__Dataset entries__
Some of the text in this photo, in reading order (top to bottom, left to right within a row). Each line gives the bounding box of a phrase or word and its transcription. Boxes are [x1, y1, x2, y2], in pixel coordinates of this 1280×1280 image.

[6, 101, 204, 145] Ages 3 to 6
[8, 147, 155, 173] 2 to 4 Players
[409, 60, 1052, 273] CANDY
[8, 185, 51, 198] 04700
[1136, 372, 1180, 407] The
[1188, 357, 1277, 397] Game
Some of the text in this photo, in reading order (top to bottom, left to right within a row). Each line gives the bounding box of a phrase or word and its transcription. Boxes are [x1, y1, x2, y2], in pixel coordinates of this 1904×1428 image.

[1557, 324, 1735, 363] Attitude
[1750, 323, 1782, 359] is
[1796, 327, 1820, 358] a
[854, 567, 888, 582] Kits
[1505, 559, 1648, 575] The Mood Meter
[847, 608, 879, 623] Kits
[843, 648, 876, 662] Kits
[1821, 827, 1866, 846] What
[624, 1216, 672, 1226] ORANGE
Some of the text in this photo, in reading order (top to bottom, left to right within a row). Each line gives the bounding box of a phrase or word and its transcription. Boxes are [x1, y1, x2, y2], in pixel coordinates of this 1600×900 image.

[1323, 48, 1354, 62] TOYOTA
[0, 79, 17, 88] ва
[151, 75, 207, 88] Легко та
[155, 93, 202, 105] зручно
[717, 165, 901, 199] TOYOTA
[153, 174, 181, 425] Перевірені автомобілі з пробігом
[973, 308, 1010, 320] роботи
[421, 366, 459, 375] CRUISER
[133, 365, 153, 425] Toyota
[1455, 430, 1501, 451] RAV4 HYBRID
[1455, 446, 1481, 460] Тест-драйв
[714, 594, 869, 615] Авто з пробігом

__Task description__
Copy out every record again, letter for letter.

__Exercise answer__
Some of the text in this photo, in reading order (top to bottom, left to right within a row). Each line gives the bounding box of a phrase or word and its transcription. Boxes are [x1, y1, x2, y2], in pixel coordinates of this 1280×1280 image.

[6, 101, 204, 145] Ages 3 to 6
[8, 147, 155, 173] 2 to 4 Players
[409, 60, 1052, 273] CANDY
[8, 185, 51, 198] 04700
[1136, 372, 1180, 407] The
[1188, 357, 1277, 397] Game
Some of the text in this photo, in reading order (top to bottom, left to right within a row). Each line gives the bounding box of a phrase or word and its transcription. Boxes are [x1, y1, x2, y2], in pixel coordinates of this 1904×1428 image.

[1557, 324, 1735, 363] Attitude
[1750, 323, 1782, 359] is
[1796, 327, 1820, 358] a
[854, 567, 888, 582] Kits
[1505, 559, 1648, 575] The Mood Meter
[847, 608, 879, 623] Kits
[843, 648, 876, 662] Kits
[1821, 827, 1866, 846] What
[624, 1216, 672, 1226] ORANGE
Some of the text in this photo, in reading order (top to bottom, left to right within a row). Each line gives the bounding box of a phrase or word and its transcription. Boxes are [x1, y1, x2, y2], in pixel coordinates of this 1600×900 image.

[1323, 48, 1354, 62] TOYOTA
[0, 79, 17, 88] ва
[151, 75, 207, 88] Легко та
[155, 93, 202, 105] зручно
[717, 165, 901, 199] TOYOTA
[153, 174, 181, 425] Перевірені автомобілі з пробігом
[973, 308, 1010, 320] роботи
[421, 366, 459, 375] CRUISER
[133, 365, 153, 425] Toyota
[1455, 430, 1501, 451] RAV4 HYBRID
[1455, 446, 1481, 460] Тест-драйв
[714, 594, 869, 615] Авто з пробігом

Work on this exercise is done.